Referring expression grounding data
*** Begin section ***

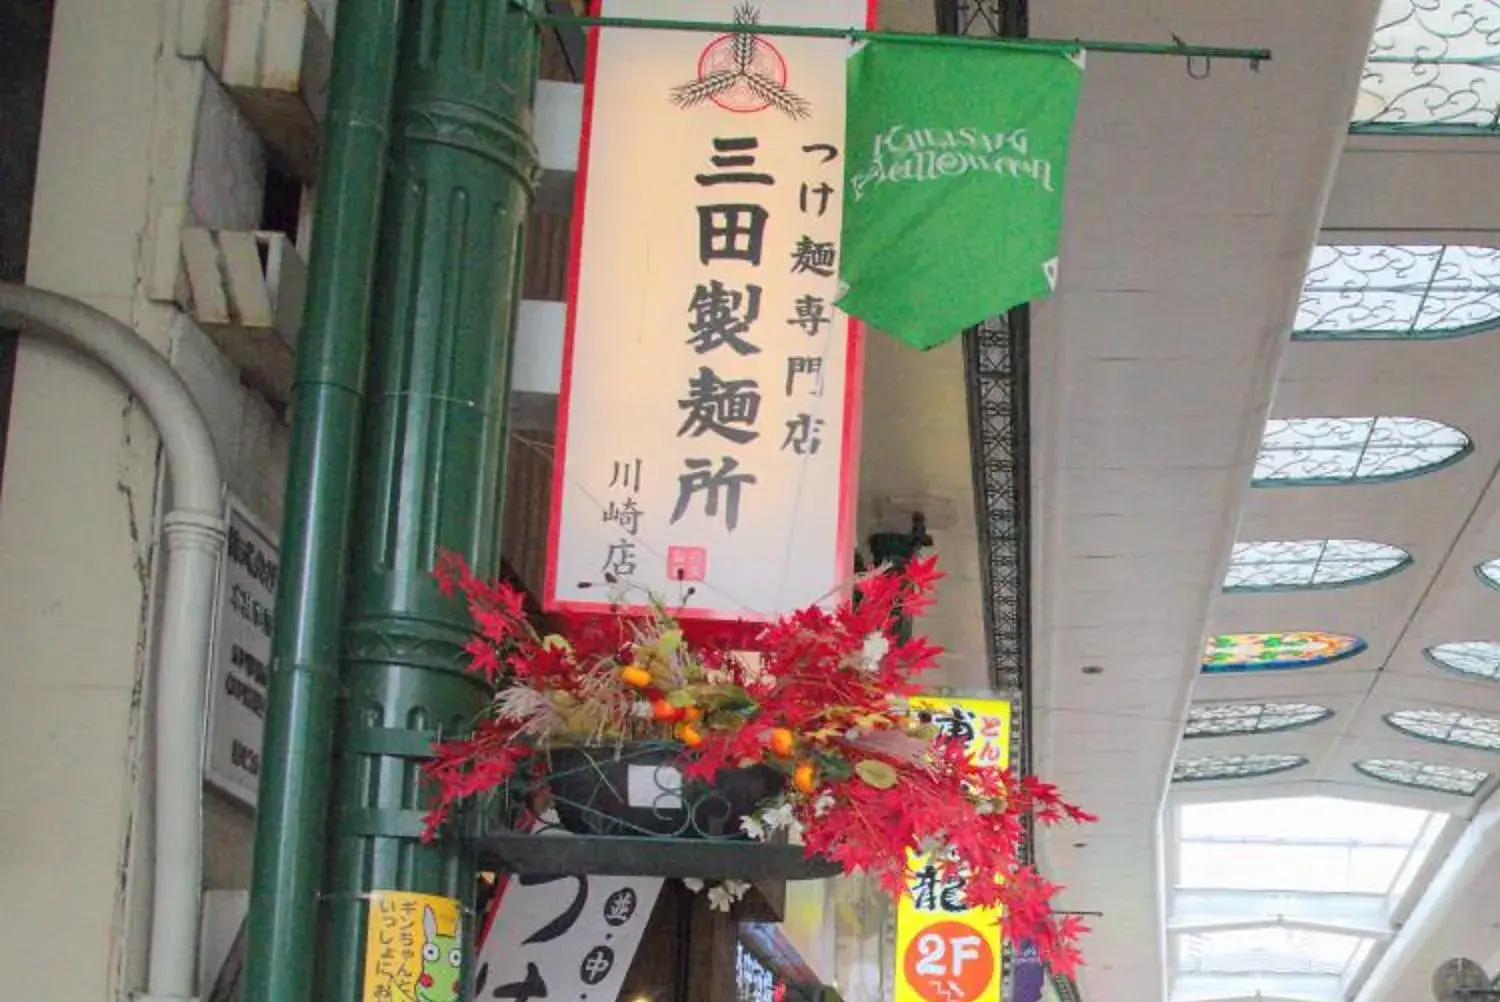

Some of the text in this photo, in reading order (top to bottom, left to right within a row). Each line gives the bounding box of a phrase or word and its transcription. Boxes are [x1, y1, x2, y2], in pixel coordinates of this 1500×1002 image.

[670, 136, 776, 533] 三田製麺所
[779, 142, 840, 457] つけ麺専門店
[601, 458, 646, 580] 川崎店
[916, 932, 982, 977] 2F
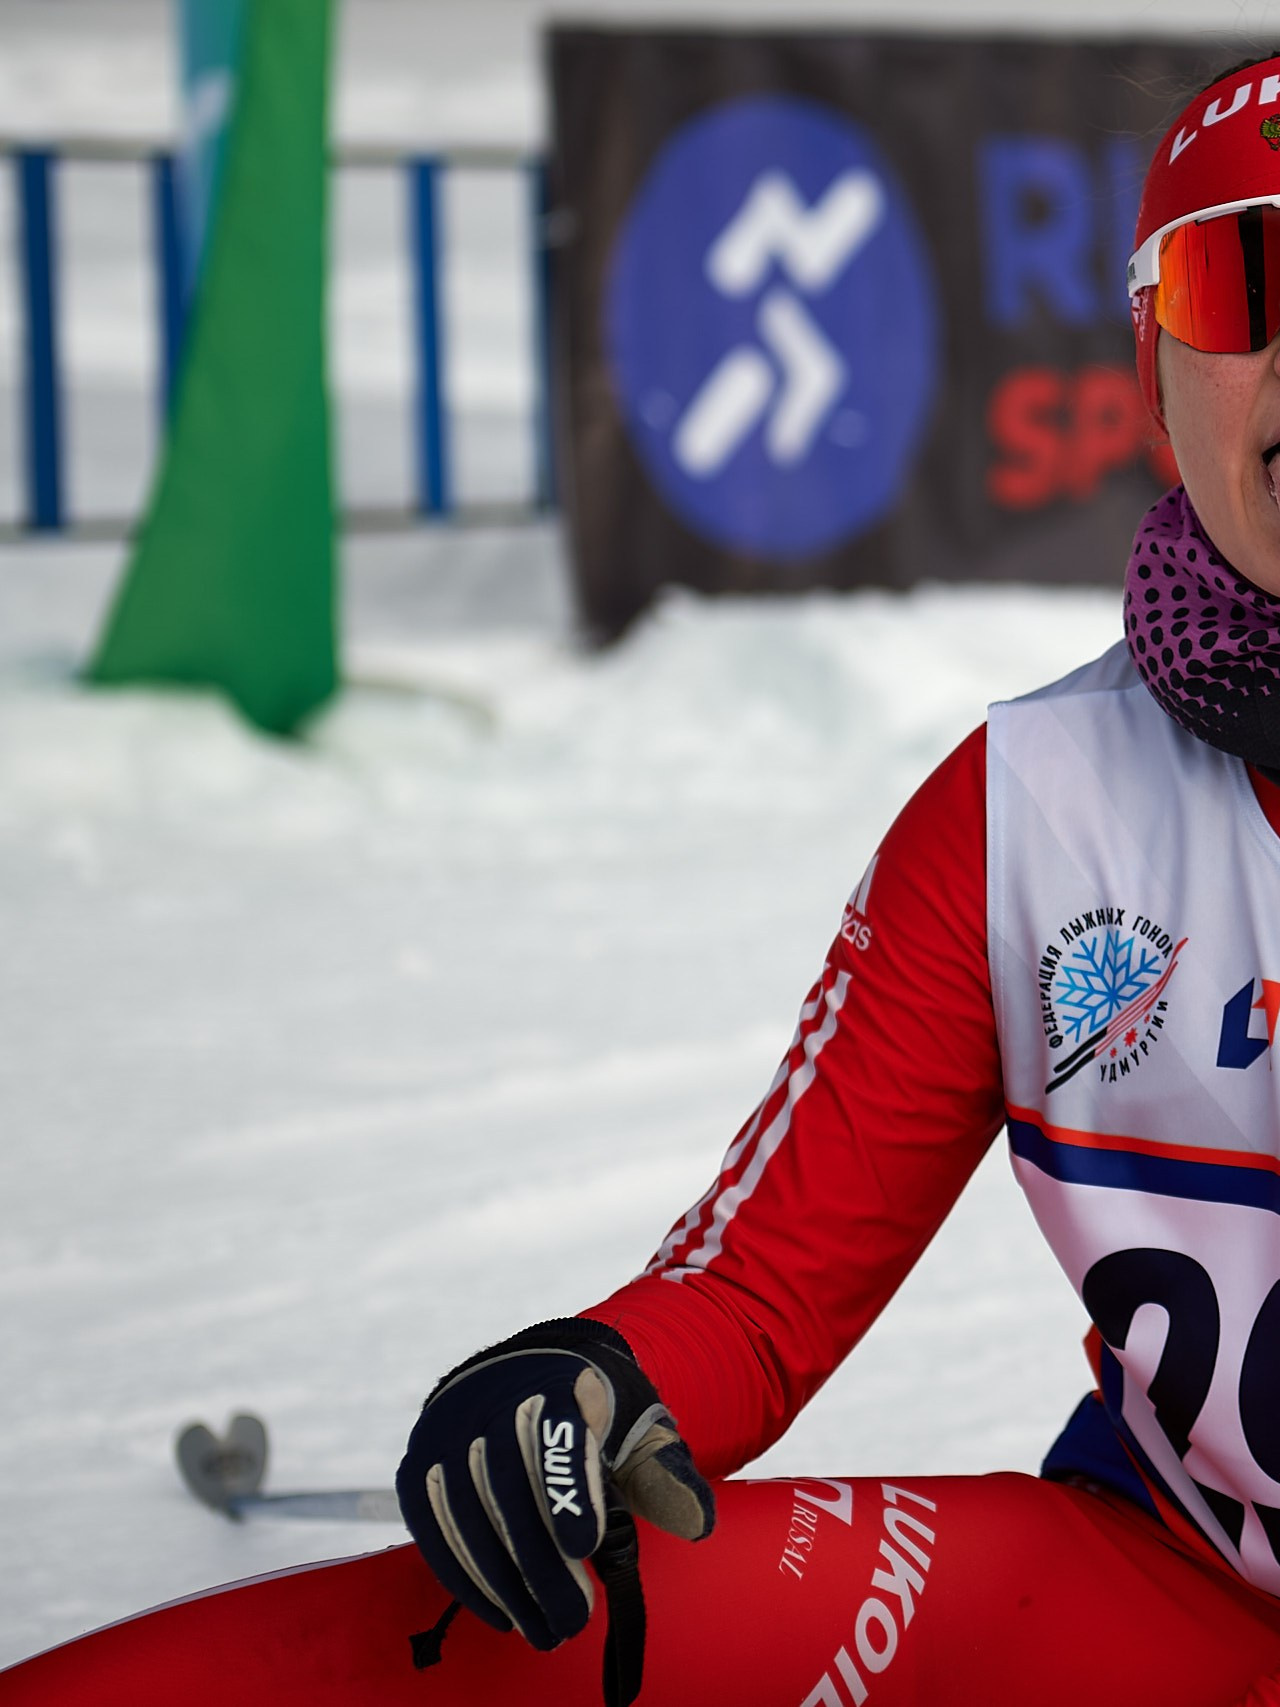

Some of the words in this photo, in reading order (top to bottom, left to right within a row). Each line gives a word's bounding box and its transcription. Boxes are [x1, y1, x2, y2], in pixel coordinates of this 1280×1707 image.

[1038, 944, 1063, 1049] ФЕДЕРАЦИЯ
[1132, 915, 1174, 959] ГОНОК
[1099, 1000, 1169, 1084] УДМУРТИИ
[543, 1419, 582, 1516] SWIX
[778, 1502, 818, 1581] RUSAL
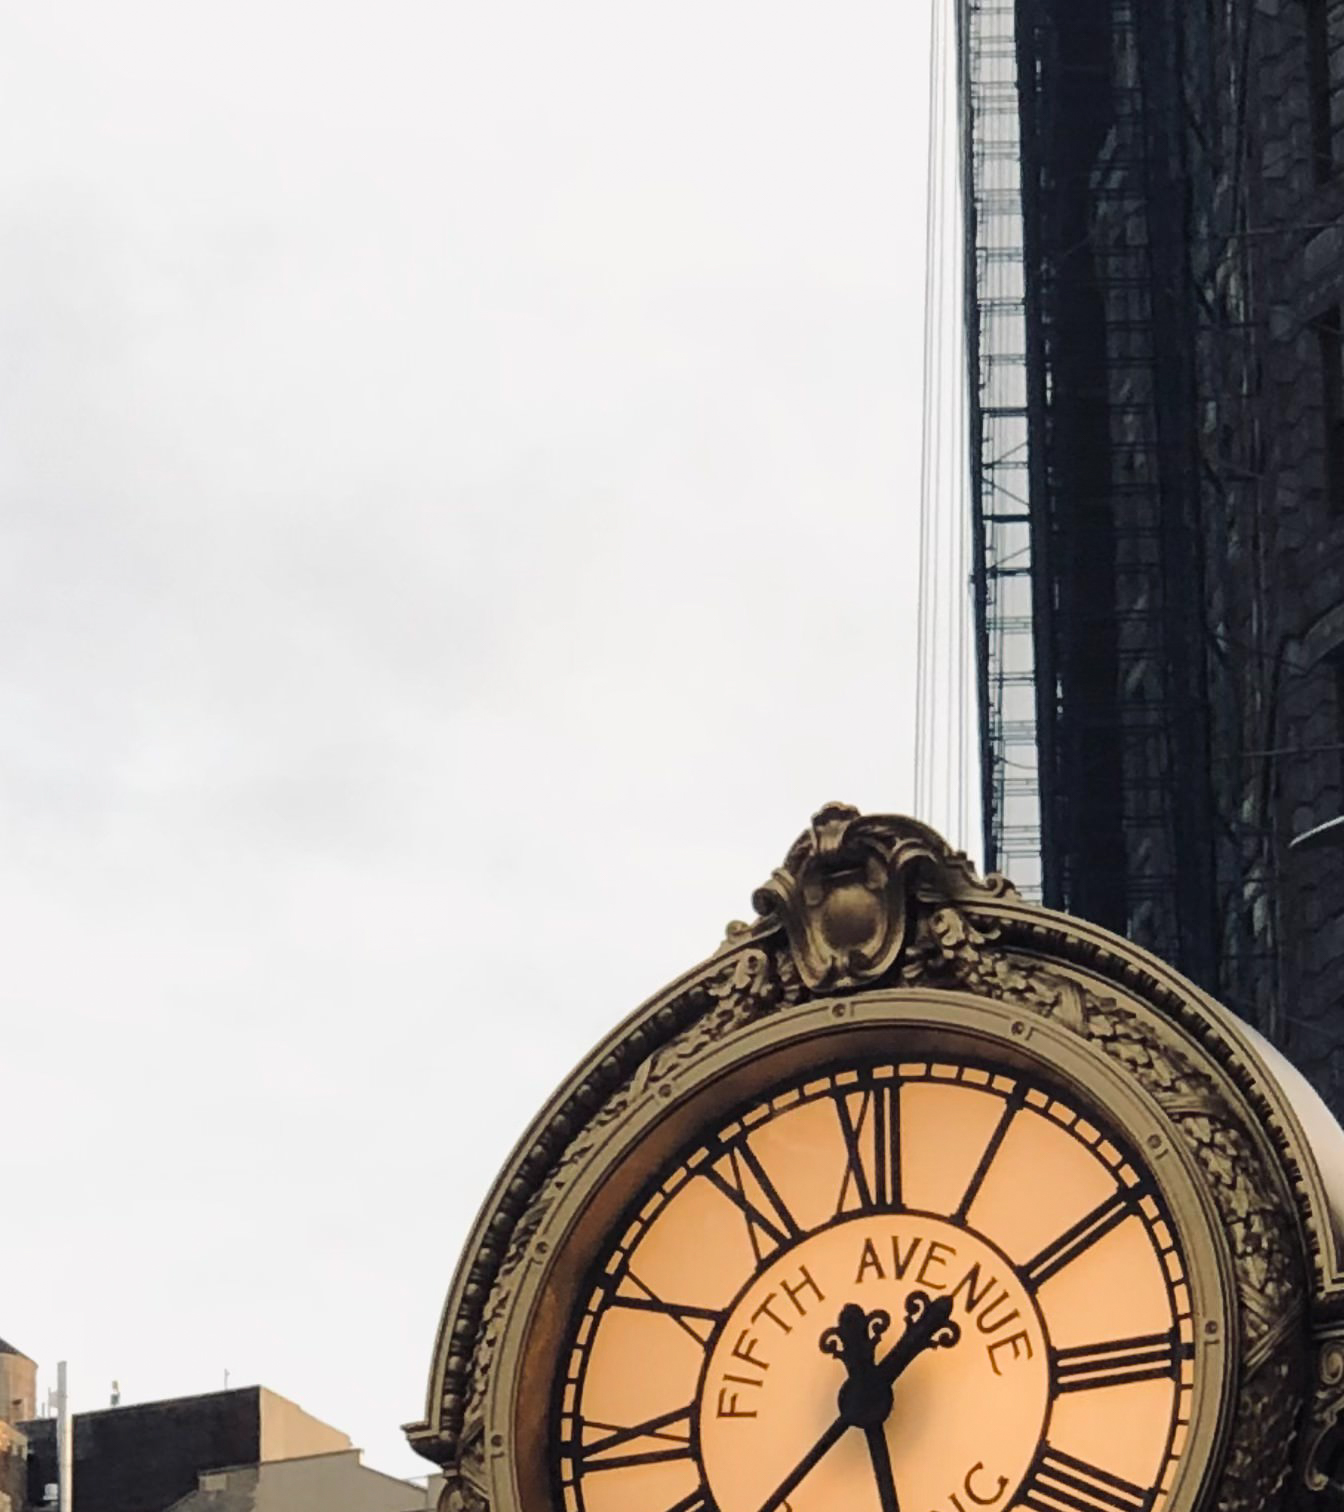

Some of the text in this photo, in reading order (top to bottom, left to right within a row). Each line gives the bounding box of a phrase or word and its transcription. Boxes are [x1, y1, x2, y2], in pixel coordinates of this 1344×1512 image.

[834, 1083, 906, 1216] XII
[717, 1236, 1033, 1418] FIFTH AVENUE
[1048, 1329, 1182, 1399] III

*** End section ***

Retype exactly the line with "this 1344×1512 image." and each line after it until the records end, and include no other line.

Some of the text in this photo, in reading order (top to bottom, left to right within a row). Each line gives the bounding box of a phrase or word and its transcription. Boxes are [x1, y1, x2, y2], in pixel coordinates of this 1344×1512 image.

[834, 1083, 906, 1216] XII
[717, 1236, 1033, 1418] FIFTH AVENUE
[1048, 1329, 1182, 1399] III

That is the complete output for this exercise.